- Author(s): Art Sansom (1965–1991); Chip Sansom (1989–present)
- Current status/schedule: Daily
- Launch date: May 10, 1965; 61 years ago
- Syndicate(s): Newspaper Enterprise Association
- Genre(s): Humor, family life, work

= The Born Loser =

American comic strip

The Born Loser is a newspaper comic strip created by Art Sansom in 1965. His son, Chip Sansom, who started assisting on the strip in 1989, is the current artist. The strip is distributed by Newspaper Enterprise Association. The Sansoms won the 1987 National Cartoonists Society Humor Comic Strip Award and the 1990 Newspaper Comic Strip Award.

== History ==
Art Sansom created The Born Loser after spending 20 years churning out the illustrations on his syndicate's serious strips. He originally titled it The Loser, but under the urging of the syndicate, renamed it The Born Loser. The dailies started May 10, 1965 while the Sundays premiered on June 27. Initially, the strip had no recurring characters but now focuses on the Thornapple family and the few people in their lives.

== Characters ==

=== Main characters ===
Brutus Perry "Thorny" Thornapple is the born loser. He simply cannot get a break, whether it involves his job, his family, or just plain everyday life. He's rather old-fashioned, and the modern times seem to run him over. His birthday is November 29, 1951, though the May 10, 2011 edition proclaimed it to be his 46th birthday.
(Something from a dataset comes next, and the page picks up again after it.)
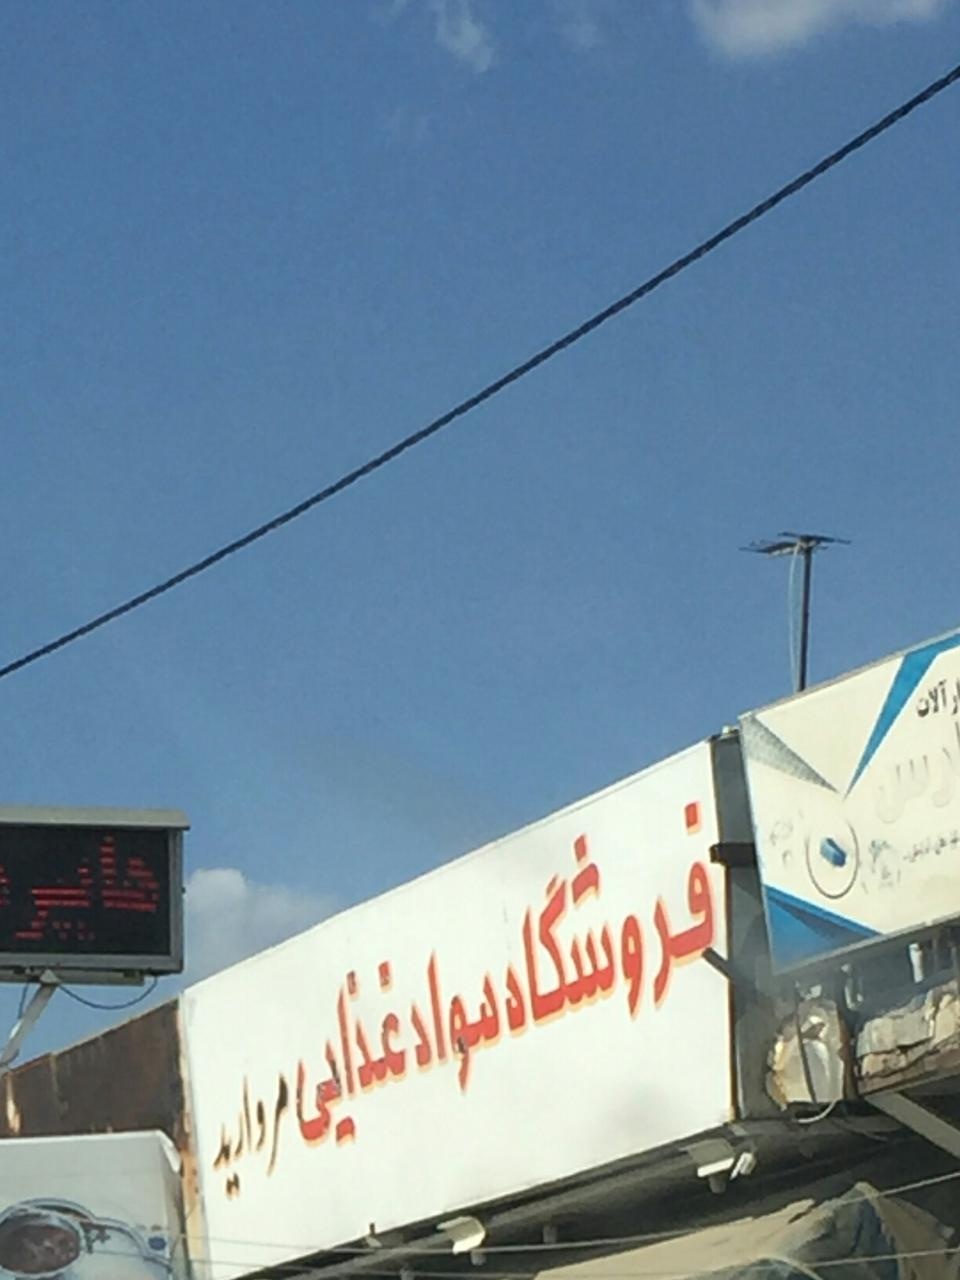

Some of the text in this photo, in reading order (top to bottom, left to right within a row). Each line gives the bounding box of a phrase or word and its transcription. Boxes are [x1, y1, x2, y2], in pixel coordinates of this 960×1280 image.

Gladys "Hornet" Thornapple is Brutus's wife; she is even more old fashioned than Brutus and does not seem to be very bright, especially with popular culture or technology. Taller than Brutus, with blond hair, she is rather similar to Edith "Dingbat" Bunker. She can be a bit critical of Brutus, often scolding him or getting into fights with him that he simply cannot win. Nevertheless, their relationship always seems to be intact.

Wilberforce Thornapple is the son of the Thornapple family. He's a very curious boy who looks up to his father and often turns to him for advice. He is friends with his neighbor Hurricane Hattie and enjoys baseball, but he is not very good at it. He currently wears his blond hair in a crew cut but in the 1970s, when boys and men tended to wear much longer hair, he wore his hair in sausage curls, and wore sailor-type suits with shorts, ala Little Lord Fauntleroy. His appearance looked much more boyish with the new hairstyle as his wardrobe was updated with jeans, sweatshirts, and tennis shoes.

=== Secondary characters ===
Rancid W. "Rank" Veeblefester is Brutus's boss, a rich tycoon. A very cranky, unpleasant man, he works in an office surrounded by money bags and does not seem to do any real work. He always scolds Brutus for being incompetent and seems to enjoy tormenting him. He loves to give a seemingly nice remark to Brutus to get his hopes up, and then turn it around as an insult (one example being that the only empty cubicle in the entire office belongs to Brutus). It's often a wonder how Brutus, who dubs him "Chief", manages to escape being fired by him; this implies that Veeblefester is satisfied with Brutus' work and simply enjoys terrorizing him. Even in their home lives, nothing changes (such as when Brutus wants to borrow the lawnmower and Veeblefester tells him not to take it out of the yard). His wife's name is "Lividea", a play on the word "livid"; presumably she is as unpleasant as her husband. The character's name is a variation on veeblefetzer, a word popularized in the 1950s by Harvey Kurtzman in early issues of Mad.

Ramona Gargle is Gladys's mother. A stereotypical mother-in-law, she often visits to pepper Brutus with insults and emotional anguish and criticizes Brutus over his weight. However, Brutus does occasionally gets his own jibes back at "Mother Gargle".

"Hurricane" Hattie O'Hara is the mischievous girl next door. She delights in menacing pretty much any adult she encounters, namely Brutus and her teacher.

Uncle Ted, Brutus' uncle, and thus Wilberforce's great-uncle.

== Plot ==
The Born Loser began in 1965 as a strip with no central characters that revolved around the loser theme. Gradually, it developed a stable cast of Brutus Thornapple, his wife Gladys, his mother-in-law Ramona Gargle, his boss Rancid Veeblefester, Brutus and Gladys's dim-witted son Wilberforce, and the mischievous neighbor Hurricane Hattie O'Hara.

== Development ==
On November 1, 2021, Chip Sansom took a two-month sabbatical from the daily requirements of producing the strip due to the unexpected surgery he underwent. As a result, The Born Loser panels were temporary reruns from past strips. On December 27, 2021, he returned to the daily strips. Later on in January 30, 2022, he returned to the Sunday strips.